On Monday, March 26, 2018 11:04 PM, Daniel P. Berrangé wrote:
> On Mon, Mar 26, 2018 at 02:54:45PM +0000, Wang, Wei W wrote:
> > On Monday, March 26, 2018 7:09 PM, Daniel P. Berrangé wrote:
> > >
> > > As far as libvirt is concerned there are three sets of threads it
> > > provides control over
> > >
> > >  - vCPUs - each VCPU in KVM has a thread. Libvirt provides per-thread
> > >    tunable control
> > >
> > >  - IOThreads - each named I/O thread can be associated with one or more
> > >    devices.

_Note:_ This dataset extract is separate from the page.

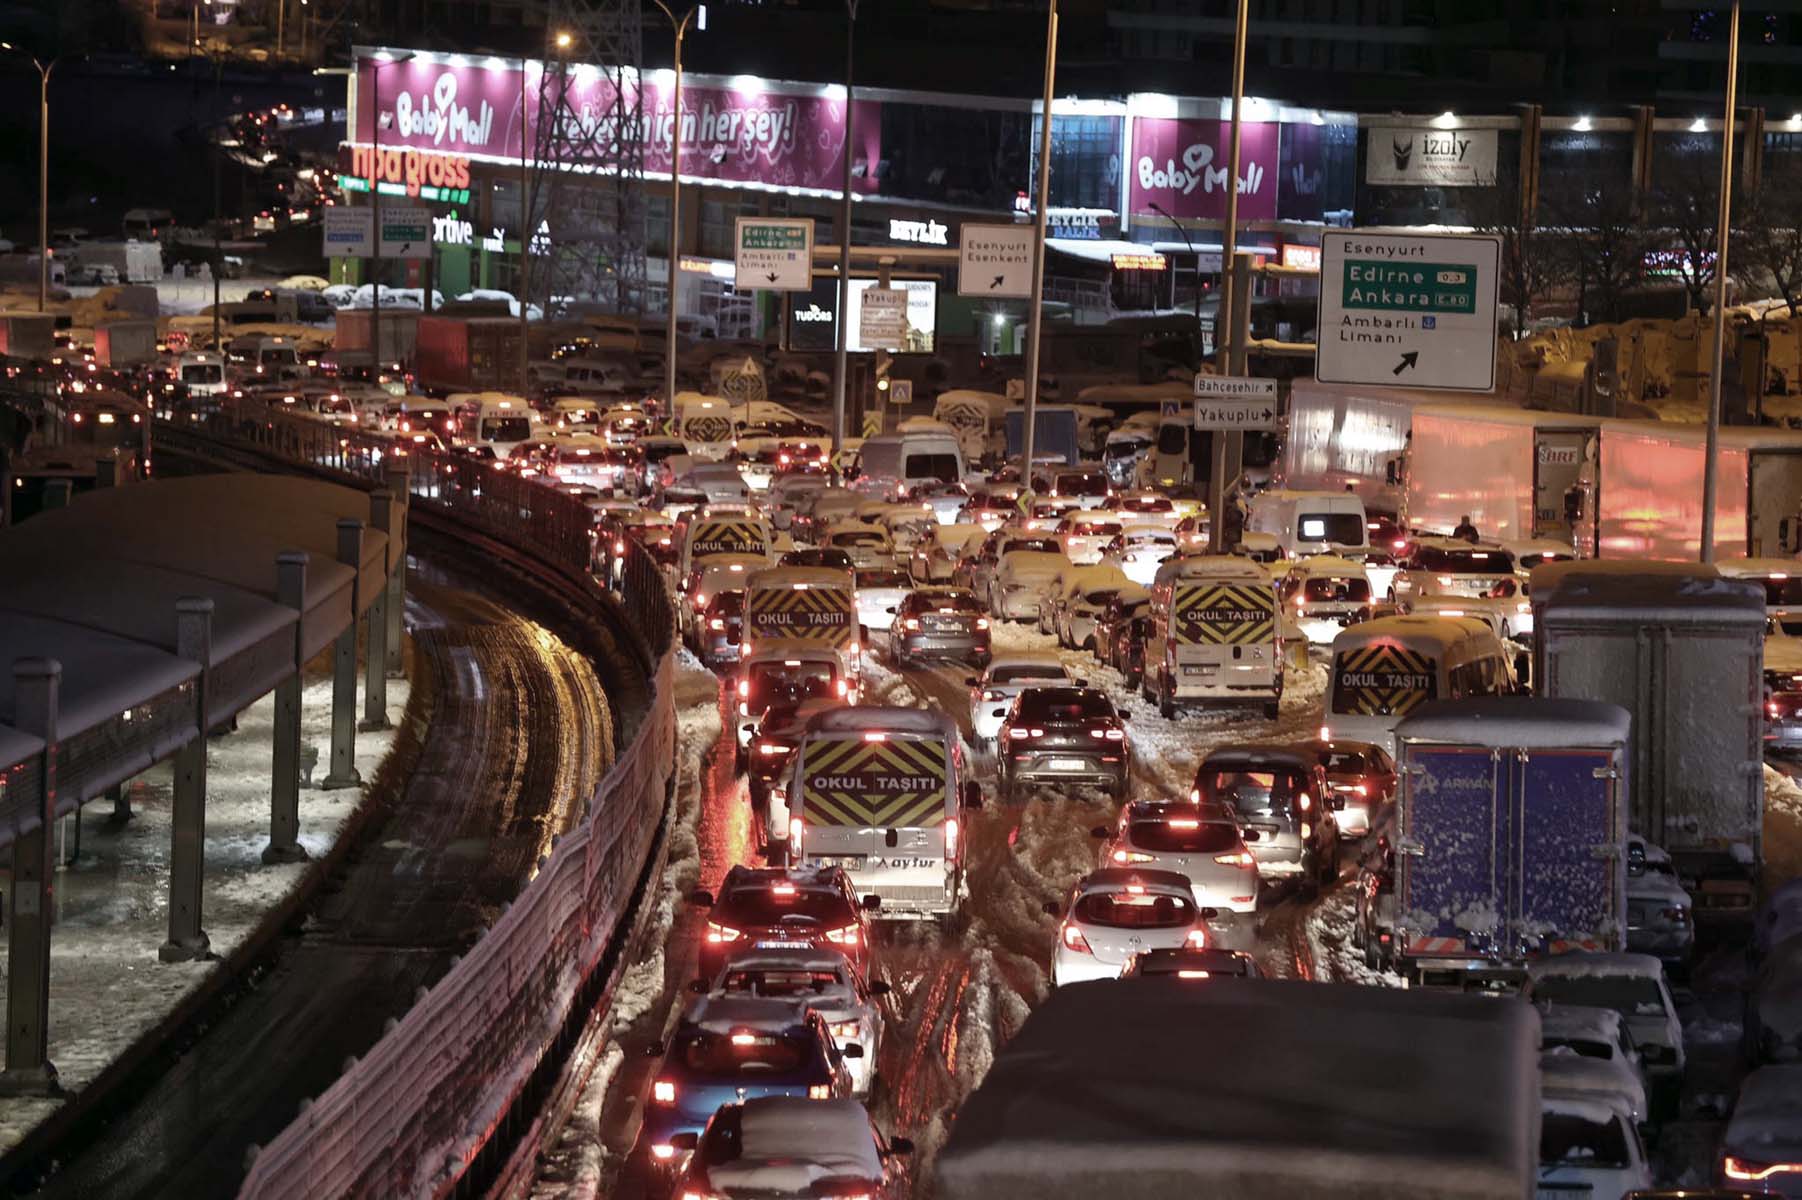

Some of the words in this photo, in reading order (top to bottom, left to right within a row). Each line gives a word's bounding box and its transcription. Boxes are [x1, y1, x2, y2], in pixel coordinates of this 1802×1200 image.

Libvirt provides per-thread tunable control.
> > >
> > >  - Emulator - any other QEMU thread which isn't an vCPU thread or IO
> thread
> > >    gets called an emulator thread by libvirt. There is no-per thread
> > >    tunable control - we can set tunables for entire set of emulator 
> > > threads
> > >    at once.
> > >
> >
> >
> > Hi Daniel,
> > Thanks for sharing the details, they are very helpful. I still have a 
> > question:
> >
> > There is no fundamental difference between iothread and our
> > optimization thread (it is similar to the migration thread, which is
> > created when migration begins and terminated when migration is done) -
> > both of them are pthreads and each has a name. Could we also add the
> > similar per-thread tunable control in libvirt for such threads?
> >
> > For example, in QEMU we can add a new migration qmp command,
> > migrate_enable_free_page_optimization (just like other commands
> > migrate_set_speed 10G), this command will create the optimization thread.

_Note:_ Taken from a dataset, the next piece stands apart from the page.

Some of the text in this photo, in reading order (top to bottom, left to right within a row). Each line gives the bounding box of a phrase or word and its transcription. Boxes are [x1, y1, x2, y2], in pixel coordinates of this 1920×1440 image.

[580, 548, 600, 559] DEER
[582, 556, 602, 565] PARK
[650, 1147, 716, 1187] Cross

> > In this way, creation of the thread is in libvirt's control, and
> > libvirt can then support tuning the thread (e.g. pin it to any pCPU), right?
> 
> Anything is possible from a technical level, but from a design POV we would
> rather not start exposing tunables for arbitrary device type specific threads
> as they are inherantly non-portable and may not even exist in QEMU long
> term as it is just an artifact of the current QEMU implementation.
> 

OK. My actual concern with iothread is that it exists during the whole QEMU 
lifecycle. Block device using it is fine since block device access happens 
frequently during the QEMU lifecycle. Usages like live migration, if they 
happen once per day, running this iothread would be a waste of CPU cycles.